WORKING DATA:
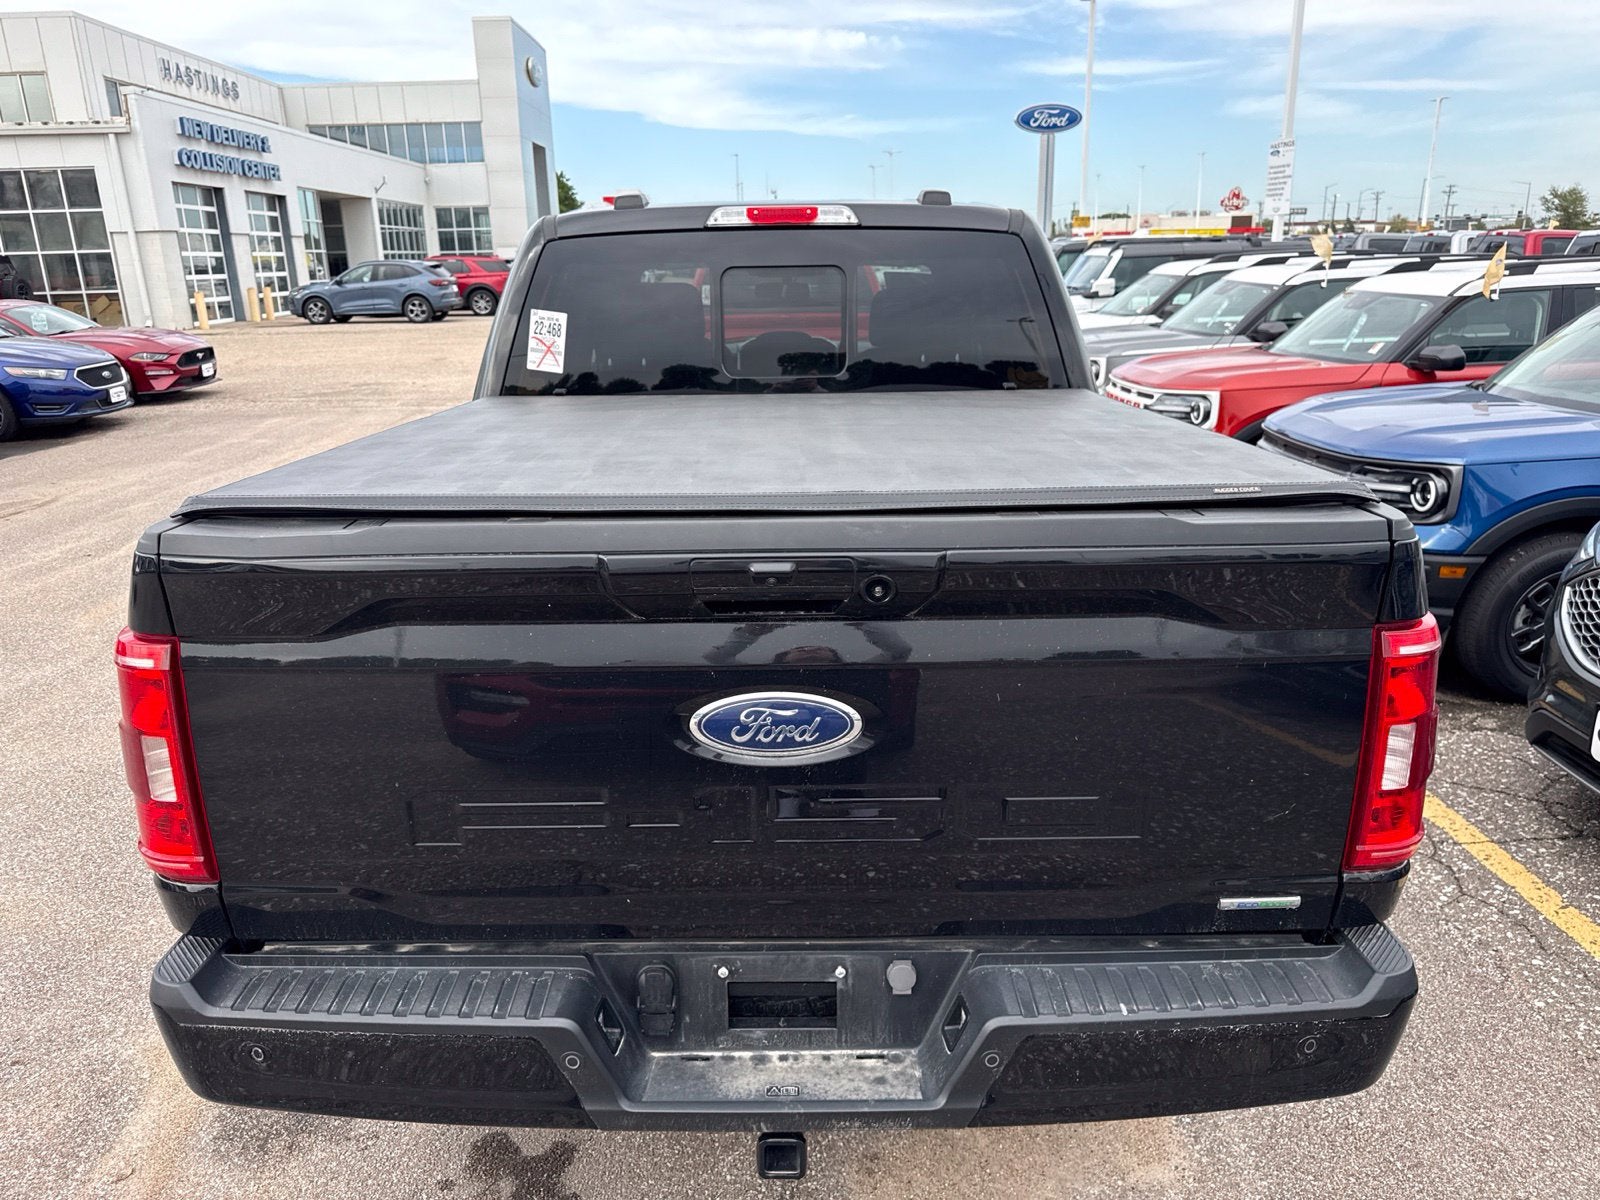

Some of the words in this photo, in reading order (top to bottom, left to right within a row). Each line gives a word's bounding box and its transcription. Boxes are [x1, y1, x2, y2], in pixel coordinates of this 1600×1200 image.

[161, 58, 240, 101] HASTINGS
[179, 116, 211, 141] NEW
[210, 124, 262, 152] DELIVERY
[1029, 109, 1070, 127] Ford
[178, 147, 243, 176] COLLISION
[240, 159, 281, 181] CENTER
[730, 707, 822, 743] Ford

WHAT THE TASK ASKS:
The entries above, every one of them, should be retyped exactly, with no pictures carried over.

SOLUTION TO THE EXERCISE:
Some of the words in this photo, in reading order (top to bottom, left to right within a row). Each line gives a word's bounding box and its transcription. Boxes are [x1, y1, x2, y2], in pixel coordinates of this 1600×1200 image.

[161, 58, 240, 101] HASTINGS
[179, 116, 211, 141] NEW
[210, 124, 262, 152] DELIVERY
[1029, 109, 1070, 127] Ford
[178, 147, 243, 176] COLLISION
[240, 159, 281, 181] CENTER
[730, 707, 822, 743] Ford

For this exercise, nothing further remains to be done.